- Opening Delimiter -

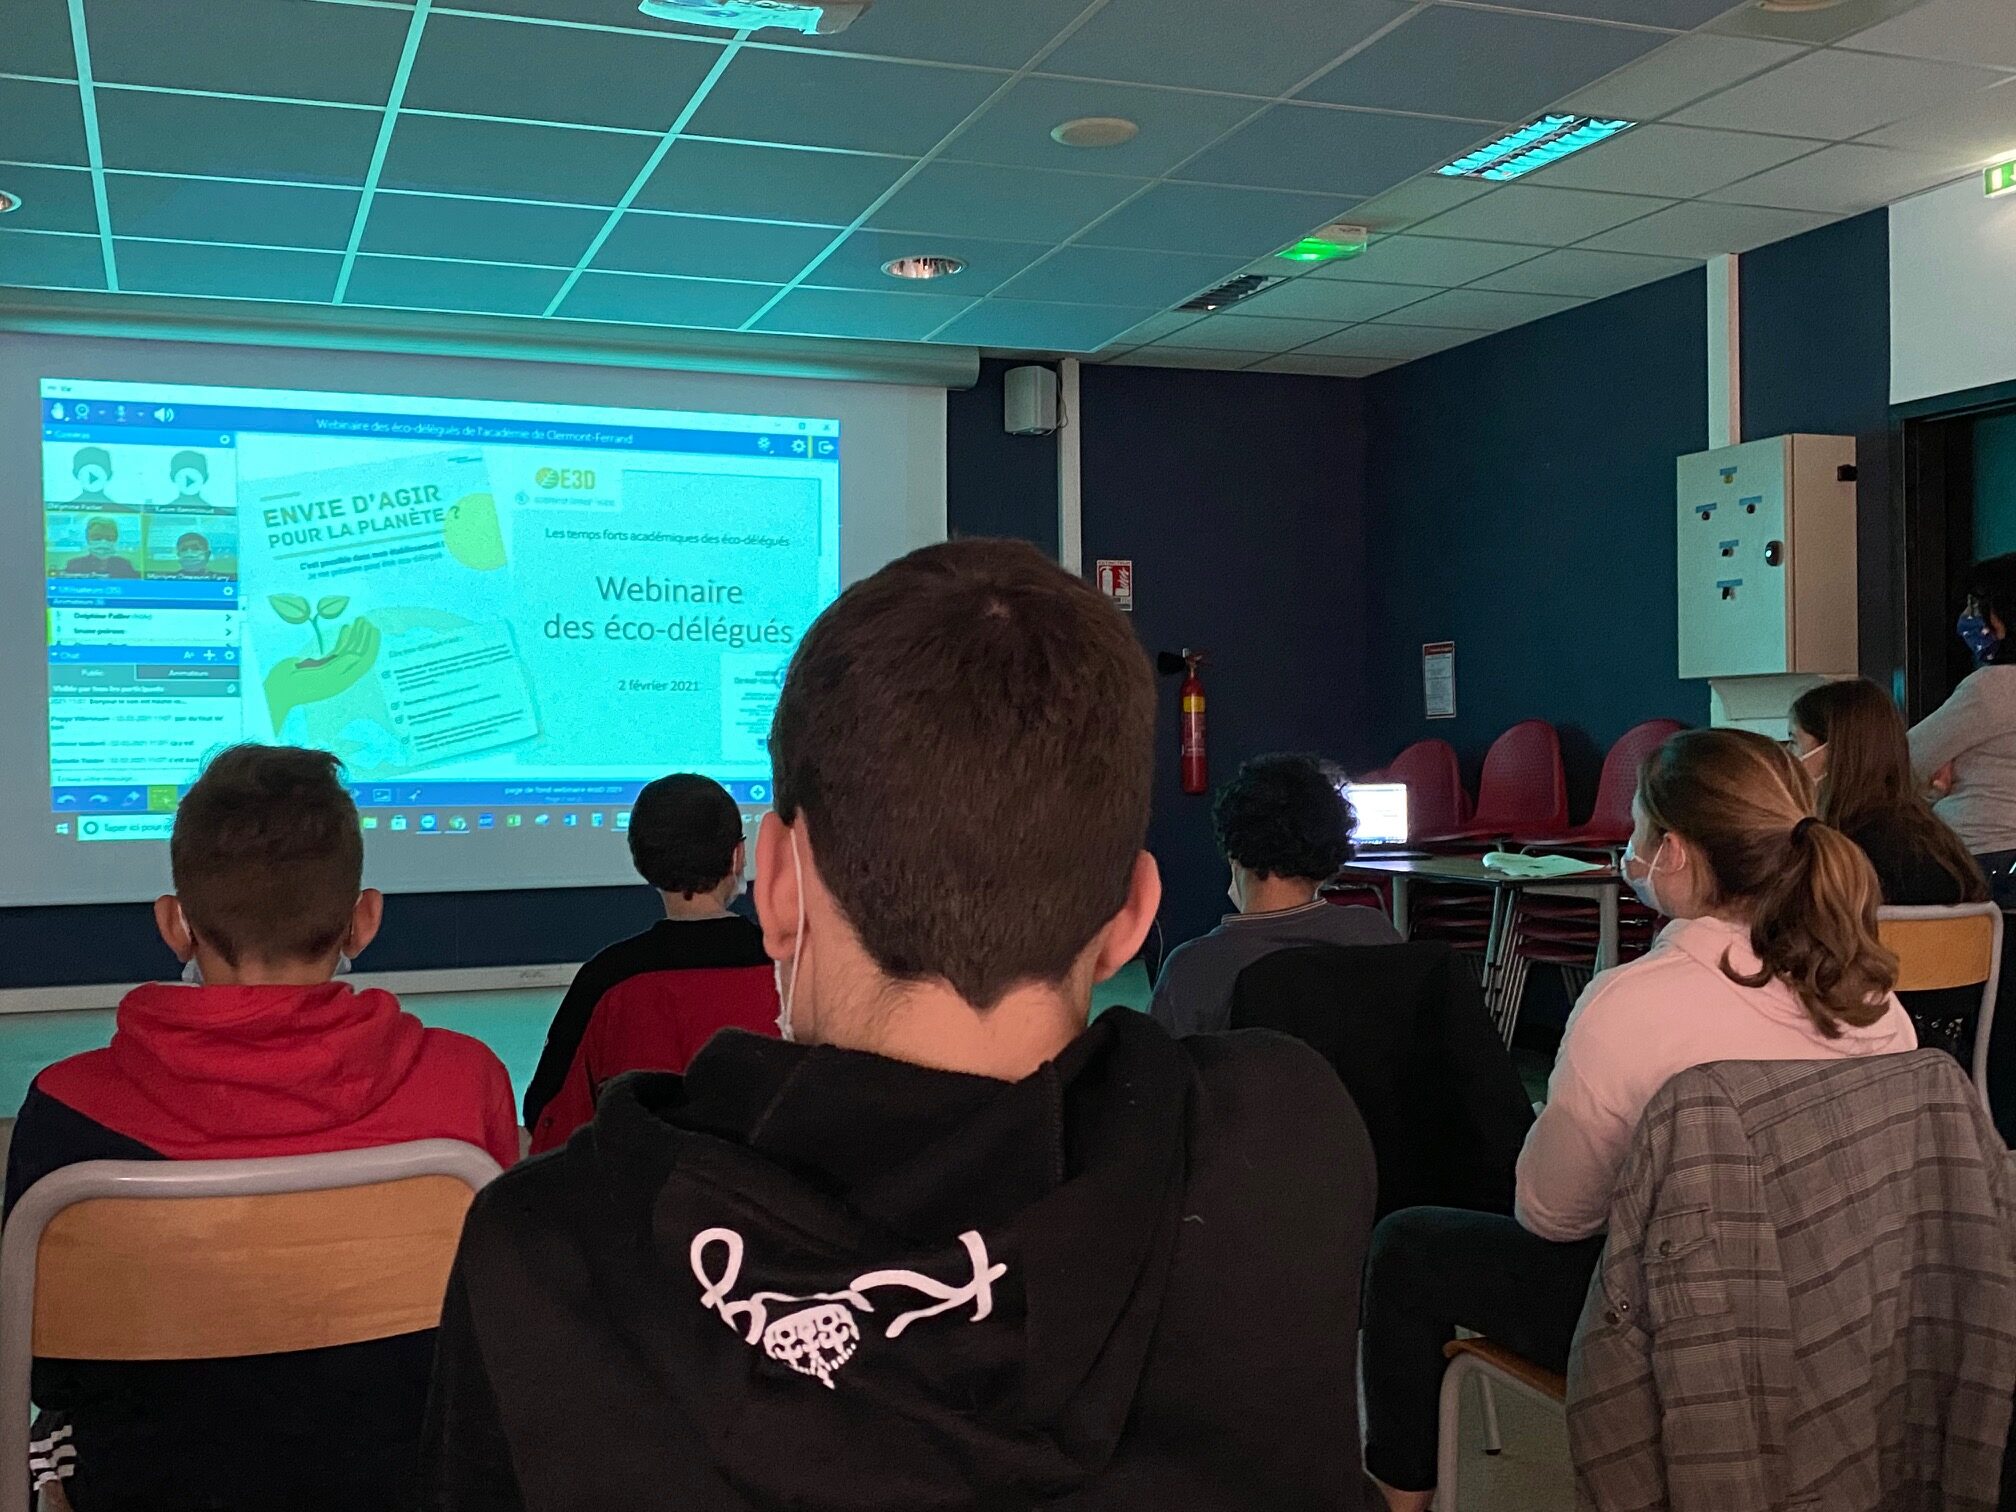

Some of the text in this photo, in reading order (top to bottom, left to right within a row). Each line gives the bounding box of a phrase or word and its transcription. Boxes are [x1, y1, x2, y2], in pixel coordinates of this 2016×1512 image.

[315, 418, 370, 431] Webinaire
[370, 421, 390, 432] des
[462, 425, 476, 437] de
[531, 428, 545, 440] de
[546, 429, 634, 444] Clermont-Ferrand
[560, 468, 596, 490] E3D
[262, 484, 443, 529] ENVIE D'AGIR
[268, 505, 461, 549] POUR LA PLANÈTE ?
[545, 527, 566, 539] Les
[566, 529, 601, 542] temps
[602, 529, 629, 541] forts
[630, 530, 700, 545] académiques
[700, 533, 721, 545] des
[596, 575, 745, 605] Webinaire
[543, 612, 795, 649] des éco-délégués
[617, 678, 700, 692] 2 février 2021
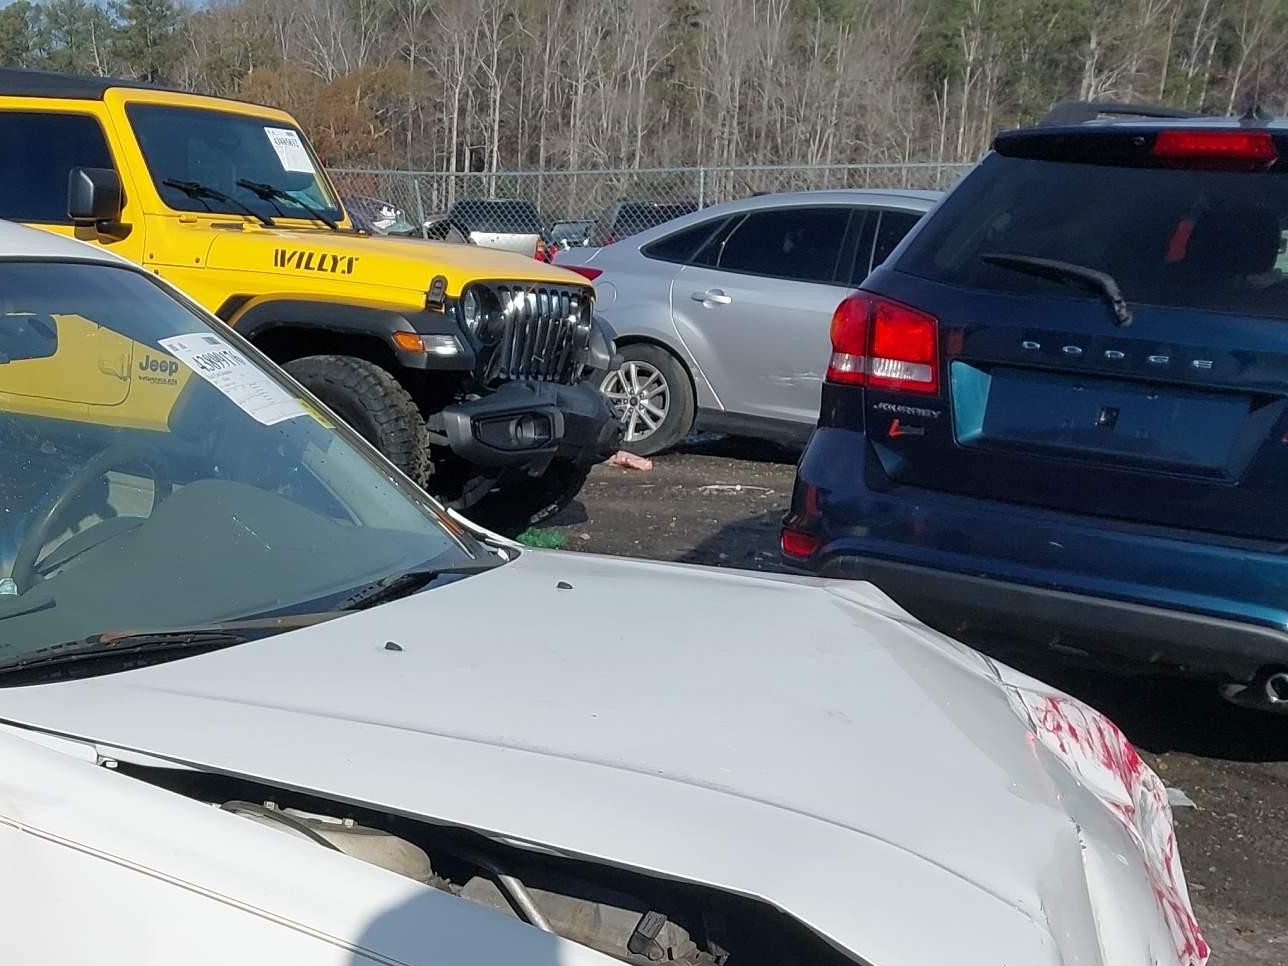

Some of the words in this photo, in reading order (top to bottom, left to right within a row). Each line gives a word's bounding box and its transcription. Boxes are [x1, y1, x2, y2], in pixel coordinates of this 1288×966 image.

- Closing Delimiter -

> What to work on:
Exact repetition of all the records is required, with the pictures excluded.

> Task response:
Some of the text in this photo, in reading order (top to bottom, left to right within a row). Each line gives the bounding box of a phrase or word and its transcription. Boxes are [x1, y1, x2, y2], in pixel coordinates of this 2016×1512 image.

[315, 418, 370, 431] Webinaire
[370, 421, 390, 432] des
[462, 425, 476, 437] de
[531, 428, 545, 440] de
[546, 429, 634, 444] Clermont-Ferrand
[560, 468, 596, 490] E3D
[262, 484, 443, 529] ENVIE D'AGIR
[268, 505, 461, 549] POUR LA PLANÈTE ?
[545, 527, 566, 539] Les
[566, 529, 601, 542] temps
[602, 529, 629, 541] forts
[630, 530, 700, 545] académiques
[700, 533, 721, 545] des
[596, 575, 745, 605] Webinaire
[543, 612, 795, 649] des éco-délégués
[617, 678, 700, 692] 2 février 2021

Some of the words in this photo, in reading order (top to bottom, left to right within a row). Each line gives a word's bounding box and its transcription. Boxes are [x1, y1, x2, y2], in pixel coordinates of this 1288×966 image.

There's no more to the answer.